A few months after he broke up with his girlfriend, we got married. After we were married, I found out that he was still checking up on his ex-girlfriend and when I confronted him, he'd say he just wanted to know if she was hurt or not because she hurt him. I caught him doing this a few times. Ever since he dated this girl, I have always felt that I am never good enough for him; I felt like I was not pretty enough, I still feel like I am not. Shortly after we got married, I started working at a retail store close by our house. Surprisingly, a girl my husband was chatting with days before we got married recognized me and approached me. She began telling everything that he told her about his past relationships. She said he's never once mentioned anything about me to her, but did tell her that he's had sex with his most recent ex but she screwed him over. I was so hurt.. beyond what the word hurt could ever define. He was my first and I was his.. I wanted so bad for it to stay that way. I got home that night and asked him if any of what this girl told me was true, all he said was I told her I had sex with my ex because she knew your best friend and I didn't want her to tell your best friend that we had sex. Well, the next day at work.. this girl proceeded to tell me about my husband's other personal page that he never told me about. I checked it out and he's already deleted everything, but his guestbook still had all the comments from the girls he chatted with. This struck me hard and broke my soul down even more. My confidence dropped down so low.. I just didn't feel like I would ever be good enough for him or as good as his ex. 

fast forward a few months.. we had our first child and the pain subsided a little, but then he was going out a lot. His older brother and his wife and kid moved in with us. My husband and I got into a lot of arguments because of them. They were very irresponsible parents and people in general. I was still working and about five months pregnant. My brother-in-law and his wife were never home and they'd always leave their daughter with us, she was about six months at the time. I'd be exhausted from work and they would leave their kid with me. I'd call and complain to my husband but instead of listening, he'd tell him that I'm being a *****. His brother them were not appreciative people either. They'd give me weird looks or leave the living room area when they see me. I felt like an outcast. I was at high risk for going into labor early and his brother's wife couldn't understand why I was high risk. I told her that I was put on bed rest at six month pregnant because my baby was down very low and she said.. well my child was down low too when she was near due. The thing she didn't understand was, I was not anywhere close to being due. I was so depressed, because not only were my husband's brother and wife giving my a headache, my husband joined them in doing so also. I couldn't even ask about his brother them without him yelling at me tell me that a ***** like me, anybody would hate. He was going out with his friends a lot on the weekend and when I ask to go along he'd tell me I follow him too much. I left me throughout most of my first pregnancy. 

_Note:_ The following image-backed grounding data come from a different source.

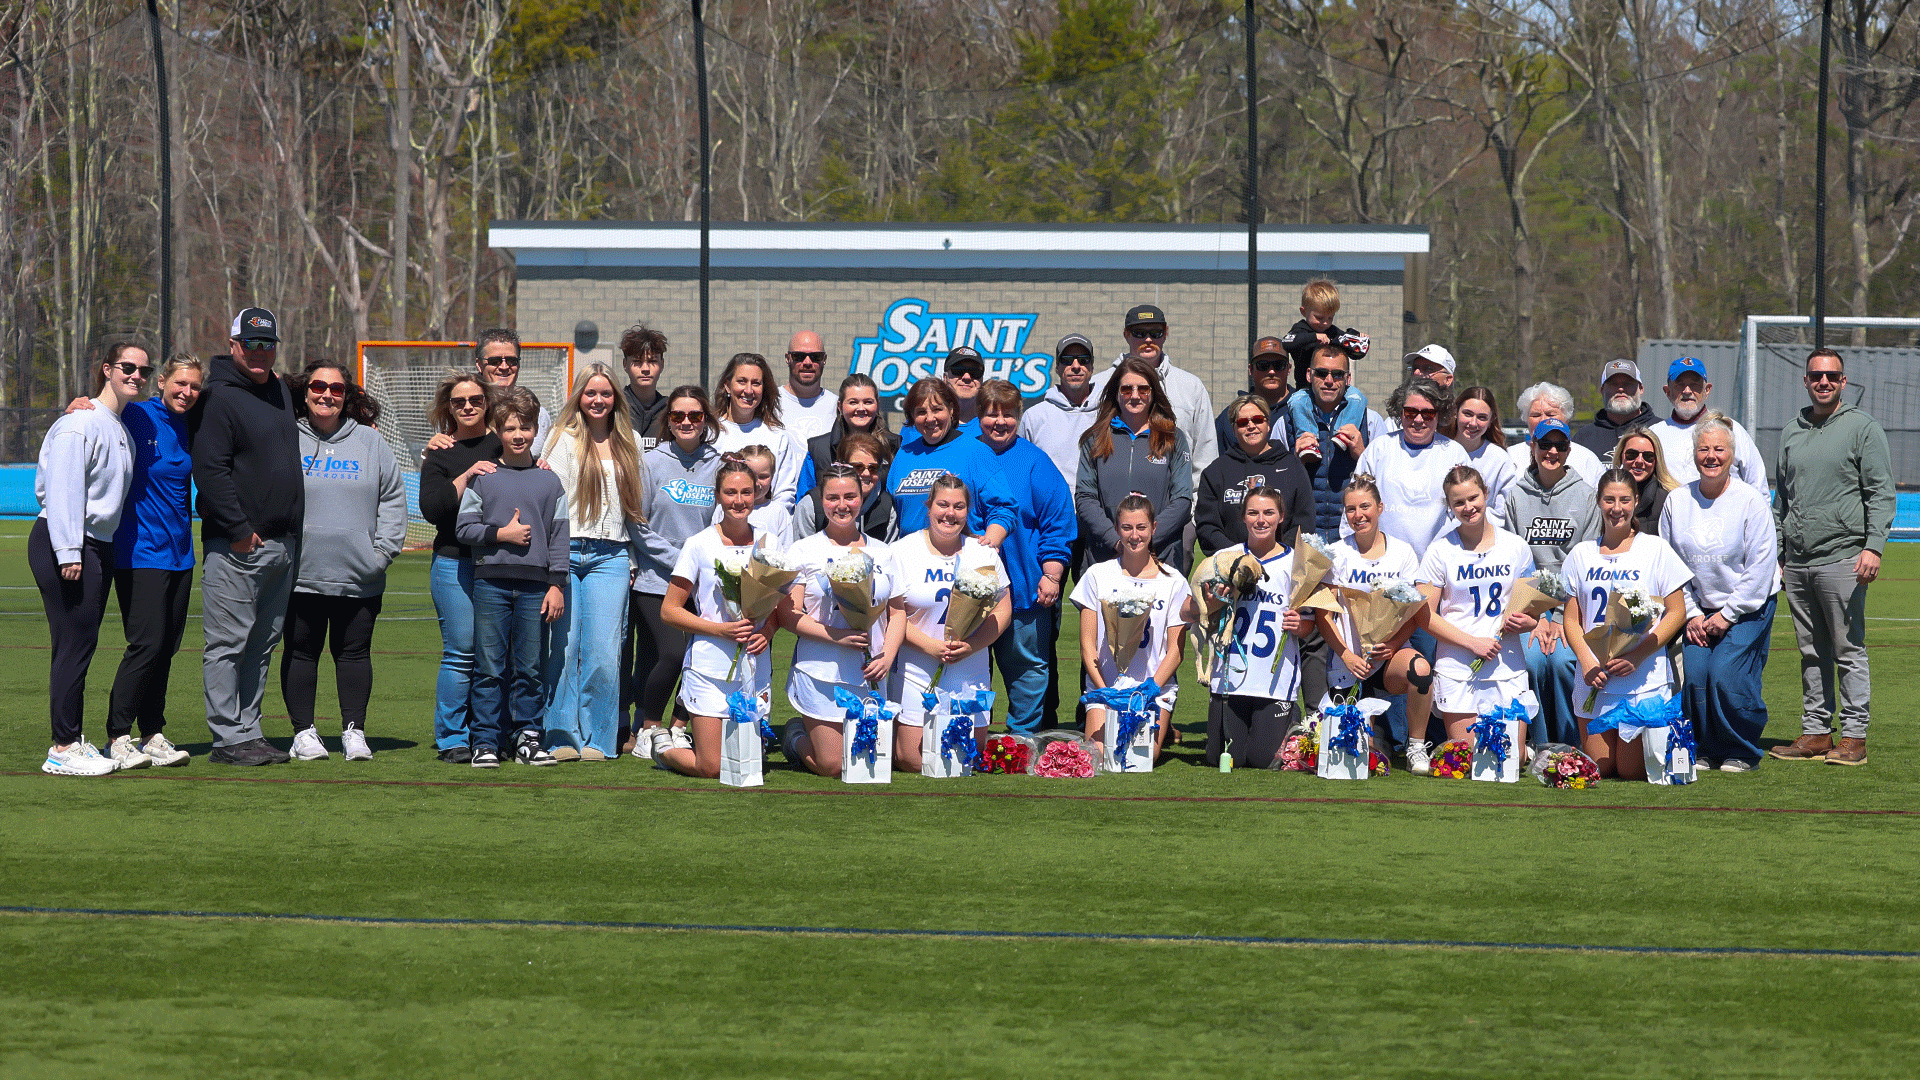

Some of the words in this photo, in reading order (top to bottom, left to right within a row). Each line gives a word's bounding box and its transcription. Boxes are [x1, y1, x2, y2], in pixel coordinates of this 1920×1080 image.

[883, 304, 1028, 353] SAINT
[855, 343, 1047, 392] JOSH'S
[324, 456, 359, 471] JOE'S
[308, 471, 359, 480] ACROSSE
[911, 470, 941, 479] SAINT
[896, 478, 936, 493] JOSEPH
[1532, 518, 1568, 530] SAINT
[1527, 528, 1573, 544] JOSEPH'S
[1456, 563, 1510, 581] MONKS
[1585, 566, 1640, 581] MONKS
[1245, 590, 1283, 605] ONKS
[1469, 582, 1502, 617] 18
[1229, 607, 1276, 658] 25
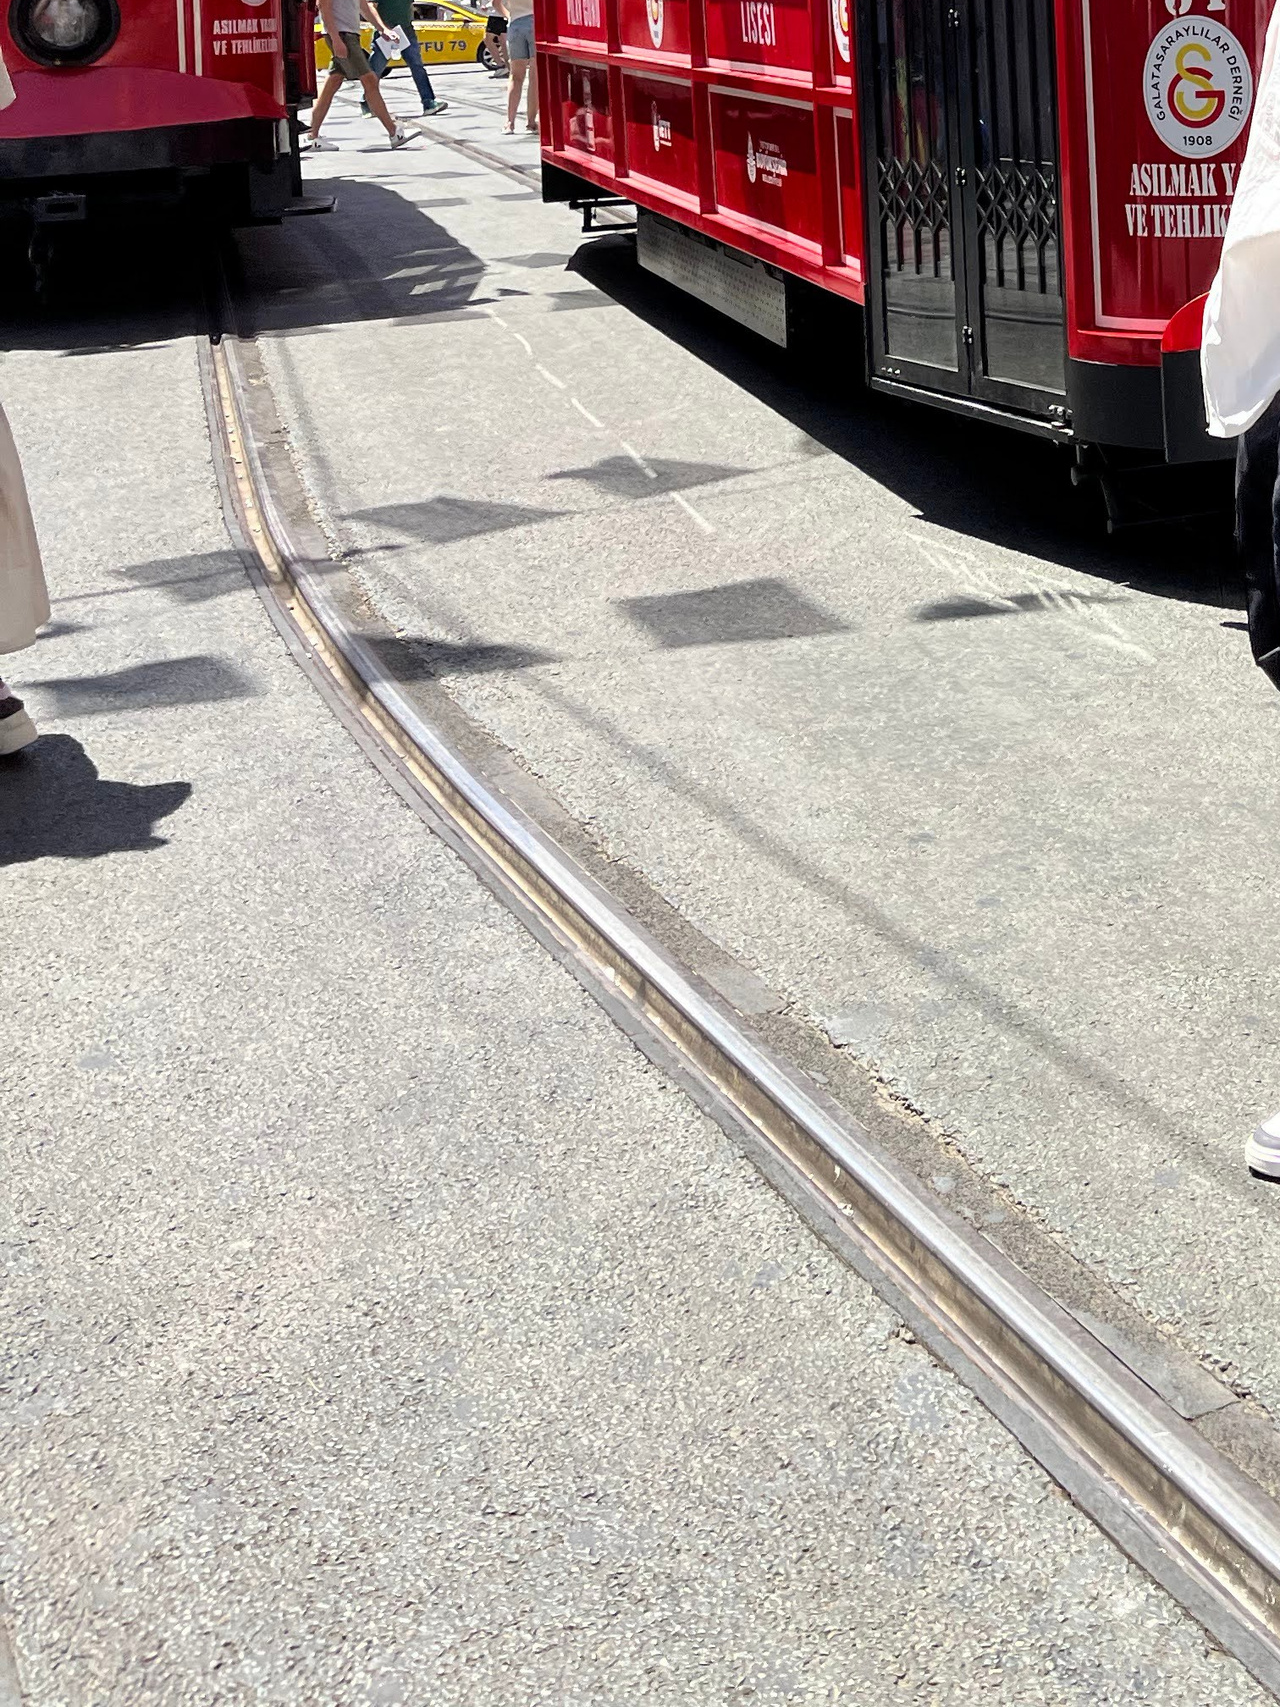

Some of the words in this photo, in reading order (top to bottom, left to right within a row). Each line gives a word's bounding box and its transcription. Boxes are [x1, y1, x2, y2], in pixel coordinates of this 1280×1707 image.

[213, 40, 228, 56] VE
[449, 39, 467, 52] 79
[1151, 25, 1231, 121] GALATASARAYLILAR
[1183, 135, 1213, 146] 1908
[1129, 162, 1218, 197] ASILMAK
[1124, 203, 1148, 238] VE
[1150, 203, 1232, 238] TEHLIK

When my daughter was born, she was about six weeks early. Fortunately, she was a very healthy preemie. She would have gone home with me but she had sleep apnea once and her pediatrician wanted to keep her for a week to monitor her. I was there at the hospital with her for a week. I was so frustrated with my husband and his family that I told my husband that my baby was born early because he'd always force me to watch his brothers' kid even when the doctor said strict bed rest. He'd always say it was my own fault.. he blames it on my baby shower that my aunt threw me. 

fast forward another year, I was pregnant with our second child and my husband still couldn't stop his going out habit to his friends out. He probably wouldn't even be at my son's birth if we hadn't gotten into an argument that night about going to his friends house. There was a snow storm that night and his friends lived 30 minutes away. That night, about an hour or so after we got to his friends house, my water broke. Even after our second child was born, he was still going out. He does ask me, I do say yes sometimes but I'd give him a time to get home. Well, he doesn't get home until five hours after the time I give him.. which is usually five in the morning. It slowly got to the point where I didn't really care anymore. I'd say yes because I was so use to not having him home with the kids and I. He spent more times with his friends then he does with me and the kids. Everytime I'd ask him to take us out to do something, he'd say that he doesn't want to spend money or that he's too tire. Not just this, but everyday when he gets off work, I would go up to him and hug him and kiss him, but he'd push me away and tell me to leave him alone. It got to the point where I was begging for only five minutes of his time. I was also in nursing school at this time. 

My husband does not do anything around the house. The only thing he does is work, and play video games. He doesn't even eat at the dining table, I bring food and water to wherever he is at. I do everything around the house and I take care of the kids. School really stressed me out and I had to stop cleaning so that I could keep up with school work. My husband didn't like this. He'd call me lazy all the time. We argue about this everyday. I'd ask him to help clean, but he said that he doesn't have too because he works and I dont plus its a woman's job not a man's job. I dropped out of school shortly after and found a job. There we were still arguing over stupid things. Now he's saying I wasted time and money for nothing. He'd tell him I'm ****ing useless all the time. I was at a point where I didn't want to come home to him most days. I was so broken down that I didn't know what to do with my life anymore. There were days where I'd come home from work and cry because I wish he'd just listen and help me out around the house. 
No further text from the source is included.